◆ Your objective ◆
Word for word, write out the entries that follow, omitting all pictures.

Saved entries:
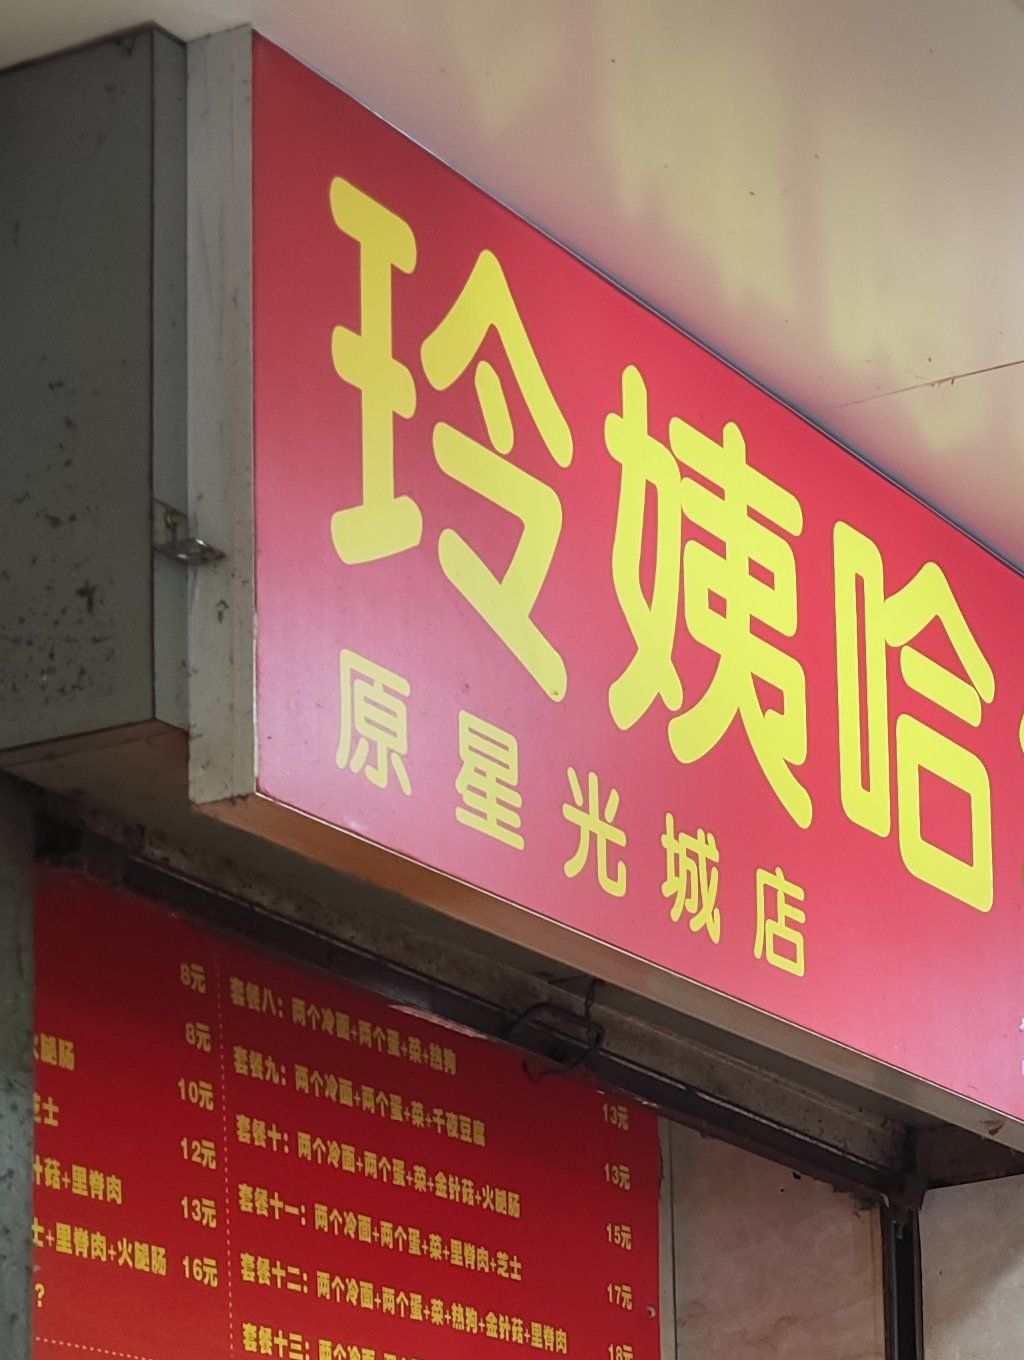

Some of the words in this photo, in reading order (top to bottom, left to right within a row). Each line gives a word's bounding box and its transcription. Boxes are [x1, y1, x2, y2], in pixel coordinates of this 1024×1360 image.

[333, 648, 807, 978] 原星光城店
[180, 963, 206, 994] 8元
[185, 1022, 212, 1053] 8元
[178, 1077, 214, 1111] 10元
[603, 1102, 629, 1131] 13元
[180, 1137, 217, 1170] 12元
[604, 1163, 631, 1190] 13元
[180, 1196, 217, 1228] 13元
[606, 1222, 632, 1251] 15元
[182, 1255, 218, 1288] 16元
[607, 1283, 633, 1311] 17元

◆ Task output ◆
Some of the words in this photo, in reading order (top to bottom, left to right within a row). Each line gives a word's bounding box and its transcription. Boxes are [x1, y1, x2, y2], in pixel coordinates of this 1024×1360 image.

[333, 648, 807, 978] 原星光城店
[180, 963, 206, 994] 8元
[185, 1022, 212, 1053] 8元
[178, 1077, 214, 1111] 10元
[603, 1102, 629, 1131] 13元
[180, 1137, 217, 1170] 12元
[604, 1163, 631, 1190] 13元
[180, 1196, 217, 1228] 13元
[606, 1222, 632, 1251] 15元
[182, 1255, 218, 1288] 16元
[607, 1283, 633, 1311] 17元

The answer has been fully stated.